Passando ai manuali socialisti, vediamo che la figura di Princip ne esce in una luce decisamente positiva: ripresenta, paradossalmente, tutti i tratti che erano già apparsi positivi nel periodo ustascia (è un giovane, rivoluzionario, che combatte l’invasore), liberandosi però dell’immagine di pedina della politica espansionistica serba. In primo luogo, torna ad essere «bosniaco», denominazione che ora non è più vagamente territoriale, ma che fa riferimento ad una neonata repubblica. In secondo luogo, il fatto che egli e i suoi compagni «venissero da Belgrado» ora, ovviamente, non è più letto come una colpa, quanto piuttosto come indice di una fruttuosa collaborazione infra-jugoslava. In ogni caso, si torna a suggerire un’estraneità all’attentato da parte del governo di Belgrado (S. Djuranovic-M. Zezelj, 1963, p. 11). Non è questa l’unica “involuzione” verso i manuali monarchici, poiché anche l’intera vicenda torna ad essere un mero «pretesto» per una guerra «da lungo tempo preparata» (ibid.).
Sostanzialmente, si può dire che il taglio interpretativo rimane lo stesso per tutta l’epoca socialista, anche se col tempo si raffina e acquista nuovi elementi. Alla fine degli anni Ottanta, ad esempio, l’azione di Princip è calata nel contesto dell’associazione «Giovane Bosnia», il cui giudizio è chiaro: «i seguaci della “Giovane Bosnia” non temevano di mettere a repentaglio la vita pur di realizzare i propri ideali. Essi caldeggiavano l’idea del sacrificio personale e dell’attentato quali mezzi di lotta» (D. Pavlicevic-F. Potrebica-R. Lovrencic, 1986, p. 186). Ancora una volta, come già nel caso dei manuali ustascia, ci sembra di riconoscere in questo tono ammirato un’auto-giustificazione a posteriori delle lotte compiute e dei mezzi adottati per metterle in atto. In questo caso, ci sembra che il richiamo sia alle azioni di varia natura che i partigiani titini mossero, nel corso della seconda guerra mondiale, contro il variegato fronte che gli si opponeva. Certo, subito dopo si aggiunge: «Non sapevano che tale metodo [terroristico] non può portare a dei risultati duraturi»; eppure, ciò non cambia molto il tono elogiativo col quale sono presentati Princip e i suoi compagni.
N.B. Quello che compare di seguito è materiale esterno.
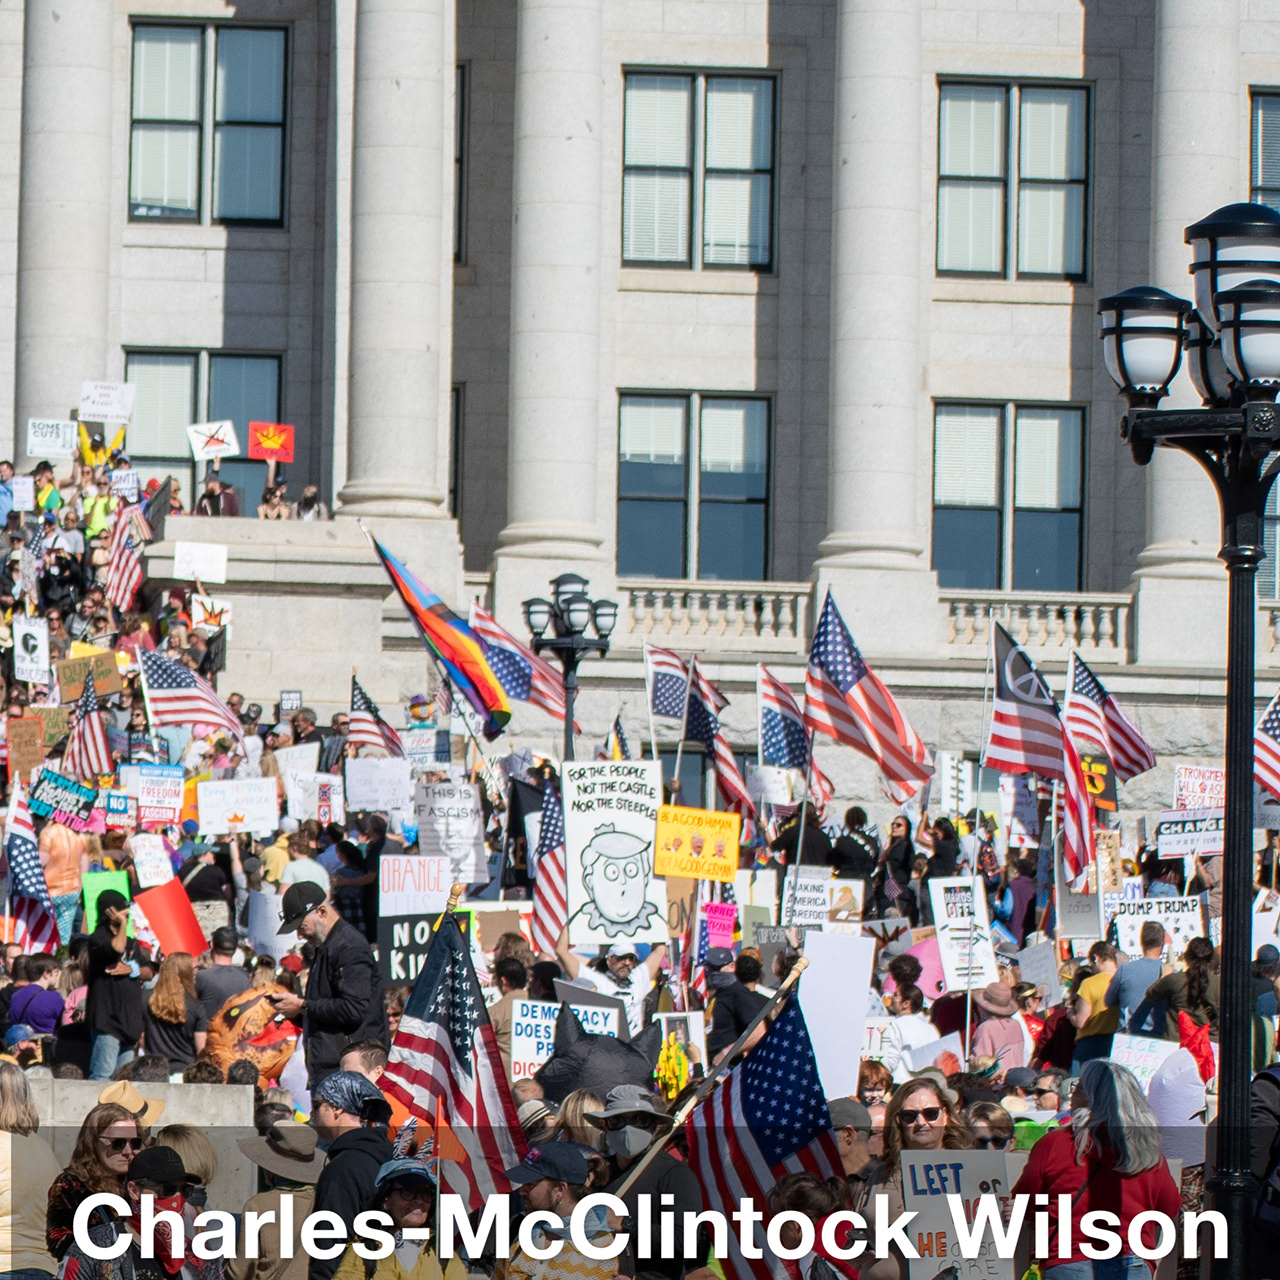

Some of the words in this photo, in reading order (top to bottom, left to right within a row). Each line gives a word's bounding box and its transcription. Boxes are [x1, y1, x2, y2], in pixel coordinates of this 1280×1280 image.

[31, 422, 61, 430] SOME
[33, 431, 61, 439] CUTS
[568, 769, 589, 783] FOR
[590, 767, 607, 778] THE
[609, 766, 647, 781] PEOPLE
[142, 787, 181, 799] FREEDOM
[422, 786, 456, 799] THIS
[460, 788, 473, 799] IS
[577, 783, 598, 796] NOT
[600, 781, 618, 793] THE
[620, 782, 657, 799] CASTLE
[109, 798, 126, 810] NO
[414, 805, 481, 818] FASCISM
[597, 799, 615, 811] THE
[615, 799, 658, 820] STEEPLE
[680, 814, 704, 827] GOOD
[381, 858, 445, 893] ORANGE
[787, 880, 823, 894] MAKING
[787, 894, 826, 908] AMERICA
[1119, 902, 1153, 916] DUMP
[1155, 899, 1198, 914] TRUMP
[785, 905, 828, 920] BAREFOOT
[392, 920, 431, 948] NO
[514, 1023, 552, 1044] DOES
[908, 1163, 963, 1197] LEFT
[918, 1232, 947, 1258] HE
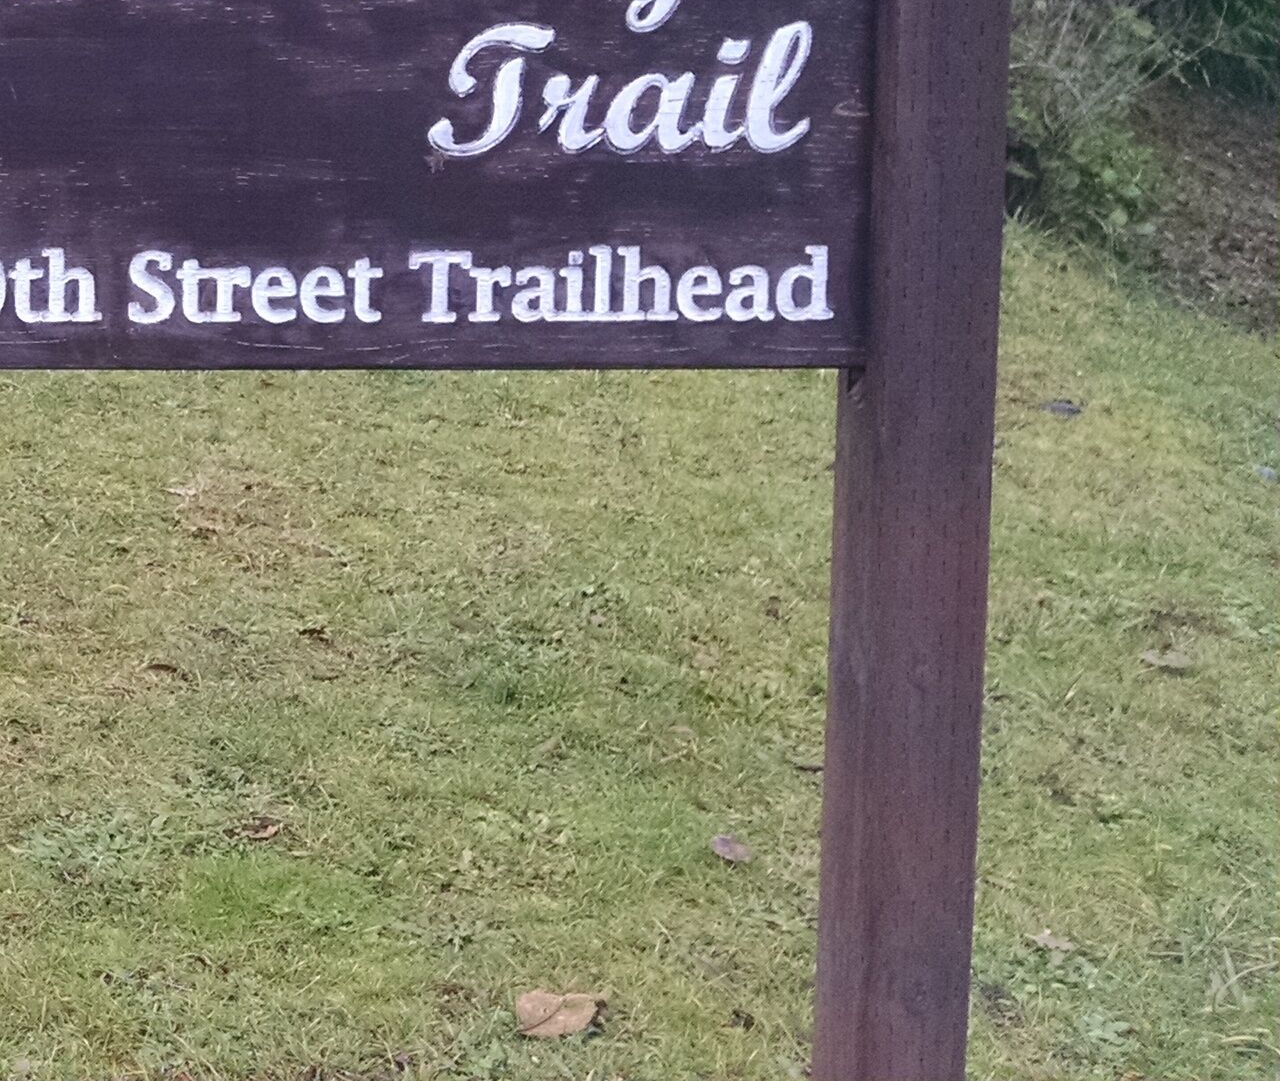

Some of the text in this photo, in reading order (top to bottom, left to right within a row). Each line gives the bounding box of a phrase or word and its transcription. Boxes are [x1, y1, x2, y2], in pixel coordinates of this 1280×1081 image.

[428, 21, 813, 157] Trail
[127, 249, 384, 325] Street
[408, 244, 835, 324] Trailhead
E per quanto riguarda il loro legame col governo serbo, rileviamo che esso è ridotto all’«aiuto in armi [che] verrà offerto loro dagli ufficiali serbi raccolti nell’organizzazione “Unione o morte!”» (ibid.). Sintetizzando quel che riguarda i manuali del periodo socialista, sembra chiaro che l’attentatore, diventato del tutto bosniaco, è presentato come un eroe da prendere a modello.
Col passaggio all’indipendenza della Croazia, il fatto è subito illustrato in maniera diversa, iniziando col far notare la coincidenza della data dell’attentato con il giorno di san Vito, patrono dei Serbi; si prosegue indicando un certo coinvolgimento della Serbia (F. Potrebica-D. Pavlicevic, 1992, p. 153), che si farà nettamente più esplicito nella riedizione dello stesso manuale del ’96, dove nel paragrafo intitolato «La Serbia prepara l’attentato» si legge: «Hanno mandato subito in Bosnia degli attentatori del gruppo detto “Giovane Bosnia”. Erano addestrati ed armati in Serbia e mandati a Sarajevo per uccidere l’erede al trono» (Potrebica-Pavlicevic, 1996, p. 106). I toni si fanno più crudi e ne danno un chiaro giudizio di condanna, la responsabilità è nettamente addossata a Belgrado, la coincidenza della data è presentata ora come intenzionale perché simbolica («la festa nazionale serba»). Finché si giunge all’ultima tappa della trasformazione di questo gesto, definito «un atto terroristico» (ibid.; lo stesso in I. Viucic, 1998, p. 33).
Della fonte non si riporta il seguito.